The programming environment usually is not deployed to the runtime environment, so it's not a part of the built program. Libraries are.
"Vanilla" language or tool has a precise meaning of using the official tool without external customizations. If you are importing a library that is not part of the language standard specification, that's by definition not vanilla.
Using a development environment is not a "customization" of the language, because javascript has no official development environment that you could customize by using a different one, so the environment is not a part of the language.
For languages like Smalltalk implementations that have an IDE+runtime that is THE official development environment and specification, switching the code to a different IDE+runtime would indeed be using a non-vanilla version.
index.js
var foo = document.body.getElementById("bar");
That is dom manipulation using vanilla javascript in all modern browsers. I can use webpack, rollup, parcel, or load it in a script tag, it doesn't matter it's still just plain old javascript.
true, it doesn't. but imo when people say "vanilla js" they mean both no framework to abstract DOM manipulation and no build steps, whether they be transpiling from ES7 or bundling stuff. perhaps webpack can be used to just minify+concatenate a few files together, but that's not how it's usually used, and i guess not what most people mean when they talk about webpack.

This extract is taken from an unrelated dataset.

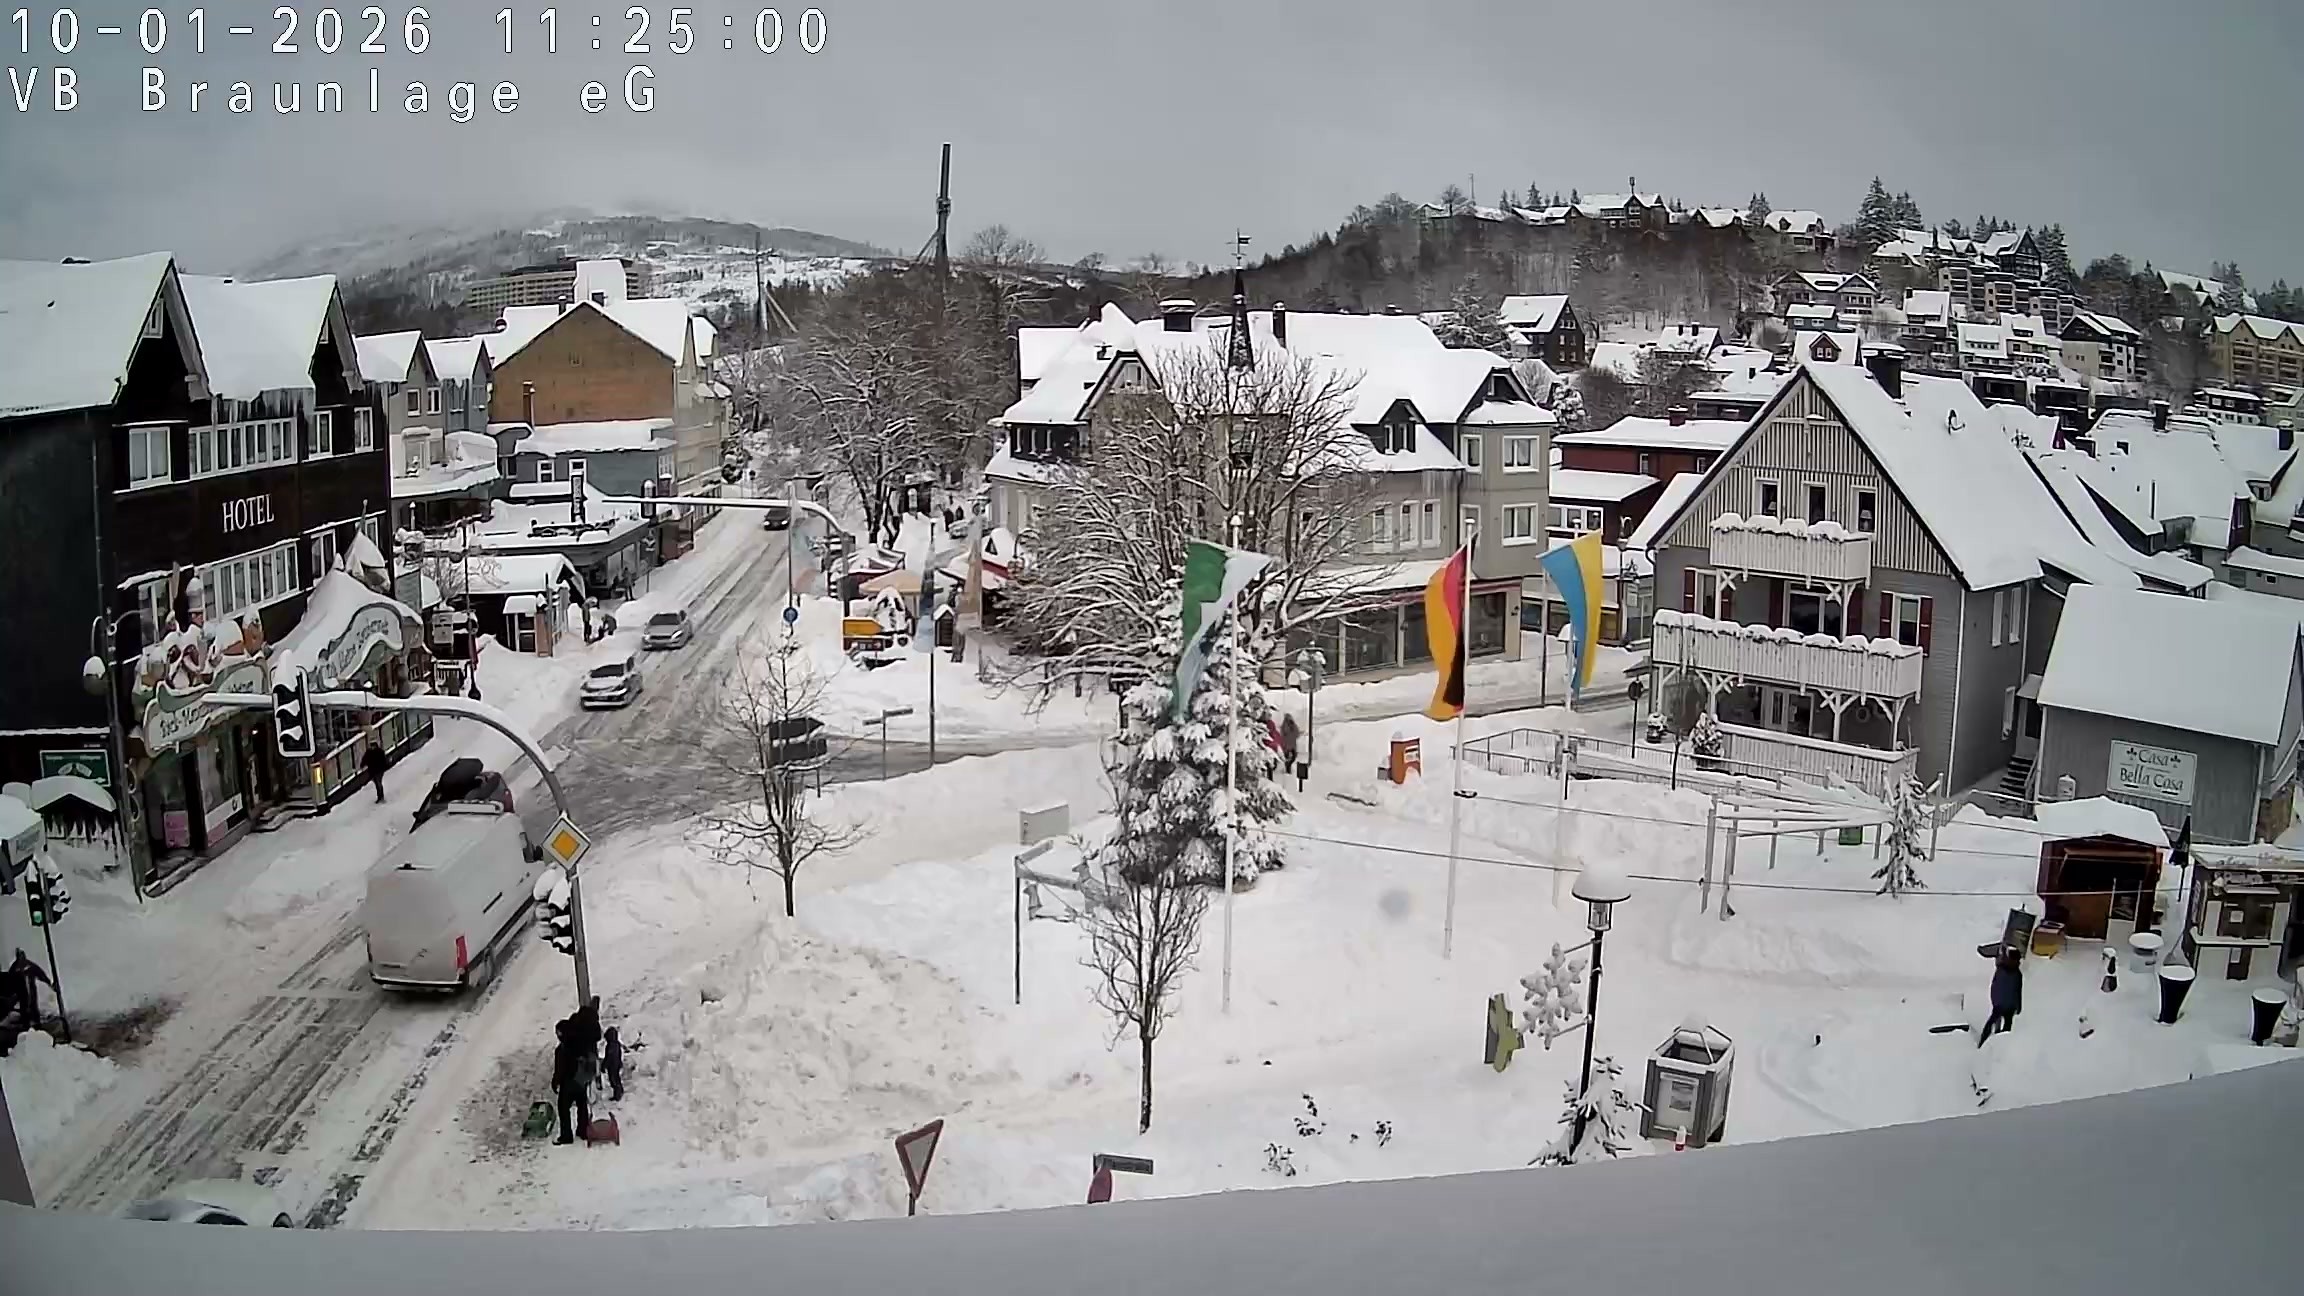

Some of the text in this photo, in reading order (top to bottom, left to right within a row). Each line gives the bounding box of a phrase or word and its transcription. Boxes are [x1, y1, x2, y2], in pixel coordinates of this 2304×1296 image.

[222, 494, 275, 533] HOTEL
[2139, 749, 2169, 766] Casa
[2120, 764, 2183, 790] Bella Casa

i am a bit biased, based on my recent experience of trying to load a webpacked library's `dist/foobar.js` into a WordPress thing via a normal <script src="..."> and having it barf all over the console, yelling about `window.module` missing and loaders and stuff. i never managed to get the bundled version to load, which reinforces my opinion - it's not "vanilla" if it needs some custom infrastructure and can't just be dropped into an existing plain js environment.
i did however manage to load the unbundled source with a native ES6 <script type="module">, and it worked great! vanilla js can be pretty pleasant these days :)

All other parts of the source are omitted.